**Records provided**:
=== Begin Enclosure ===
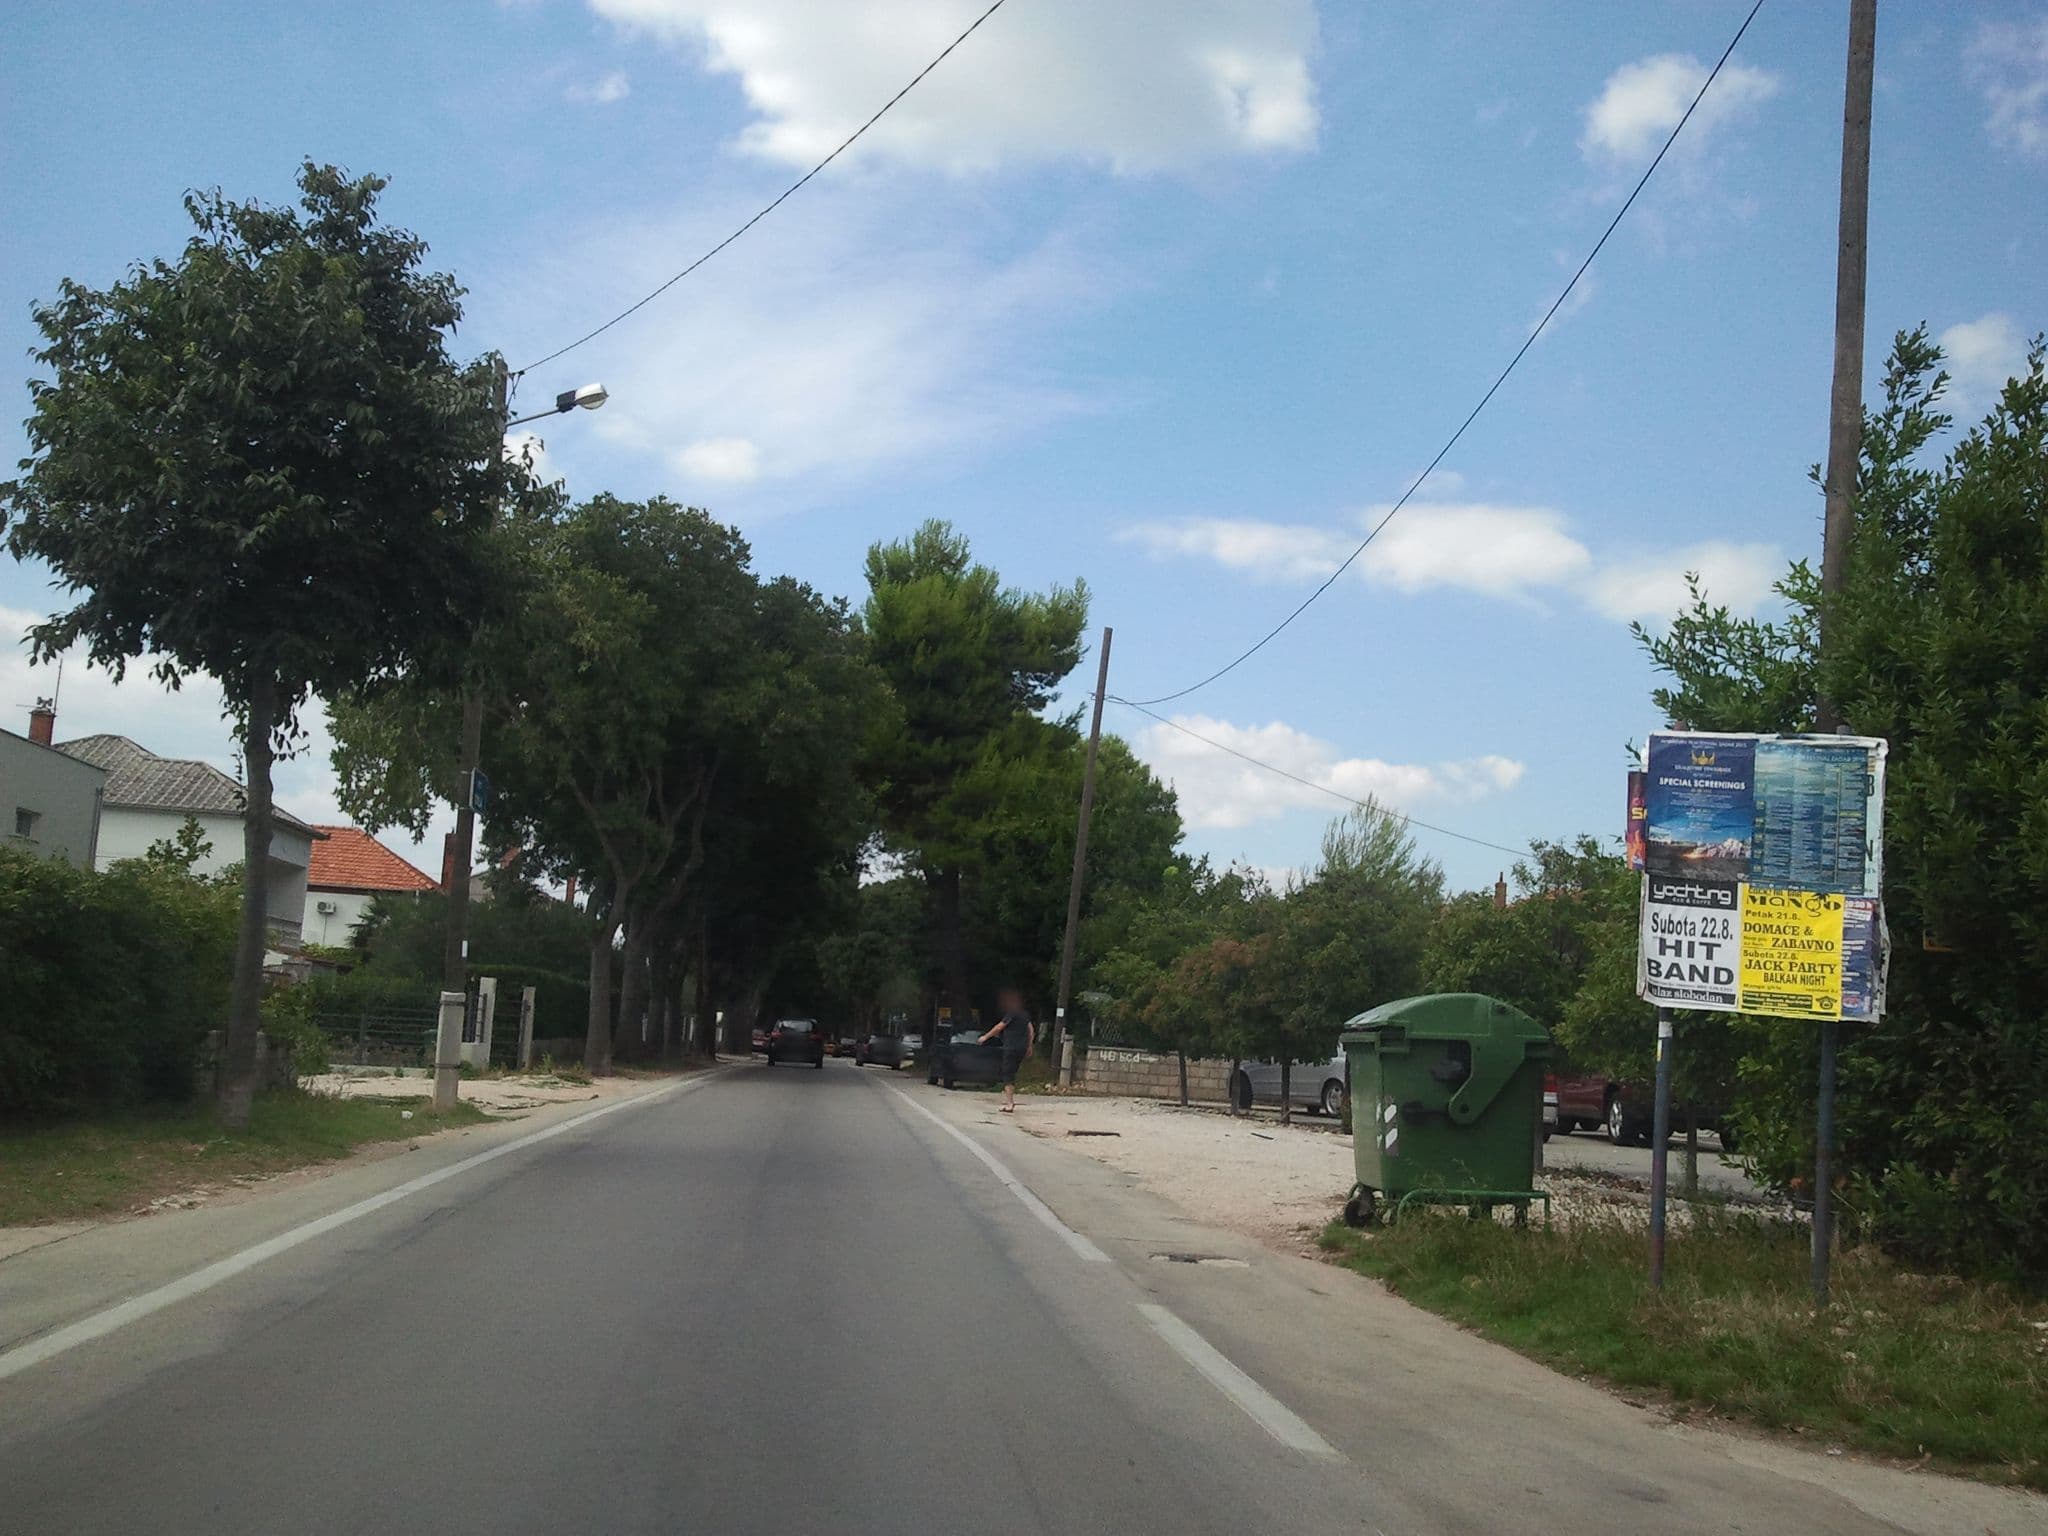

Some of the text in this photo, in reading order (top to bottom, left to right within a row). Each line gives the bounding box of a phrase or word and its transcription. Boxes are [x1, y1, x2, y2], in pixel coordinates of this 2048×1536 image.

[1659, 777, 1746, 790] SPECIAL SCREENINGS
[1745, 910, 1773, 919] Petak
[1651, 912, 1733, 940] Subota 22.8.
[1803, 927, 1814, 936] &
[1658, 937, 1721, 961] HIT
[1771, 937, 1834, 951] ZABAVNO
[1743, 950, 1774, 959] Subota
[1647, 958, 1734, 985] BAND
[1744, 959, 1837, 975] JACK PARTY
[1763, 972, 1826, 986] BALKAN NIGHT
[1651, 986, 1723, 1003] ulaz slobodan
=== End Enclosure ===
**How to complete this task**: All of the data must be repeated exactly, except for the pictures.

**Written solution**:
Some of the text in this photo, in reading order (top to bottom, left to right within a row). Each line gives the bounding box of a phrase or word and its transcription. Boxes are [x1, y1, x2, y2], in pixel coordinates of this 2048×1536 image.

[1659, 777, 1746, 790] SPECIAL SCREENINGS
[1745, 910, 1773, 919] Petak
[1651, 912, 1733, 940] Subota 22.8.
[1803, 927, 1814, 936] &
[1658, 937, 1721, 961] HIT
[1771, 937, 1834, 951] ZABAVNO
[1743, 950, 1774, 959] Subota
[1647, 958, 1734, 985] BAND
[1744, 959, 1837, 975] JACK PARTY
[1763, 972, 1826, 986] BALKAN NIGHT
[1651, 986, 1723, 1003] ulaz slobodan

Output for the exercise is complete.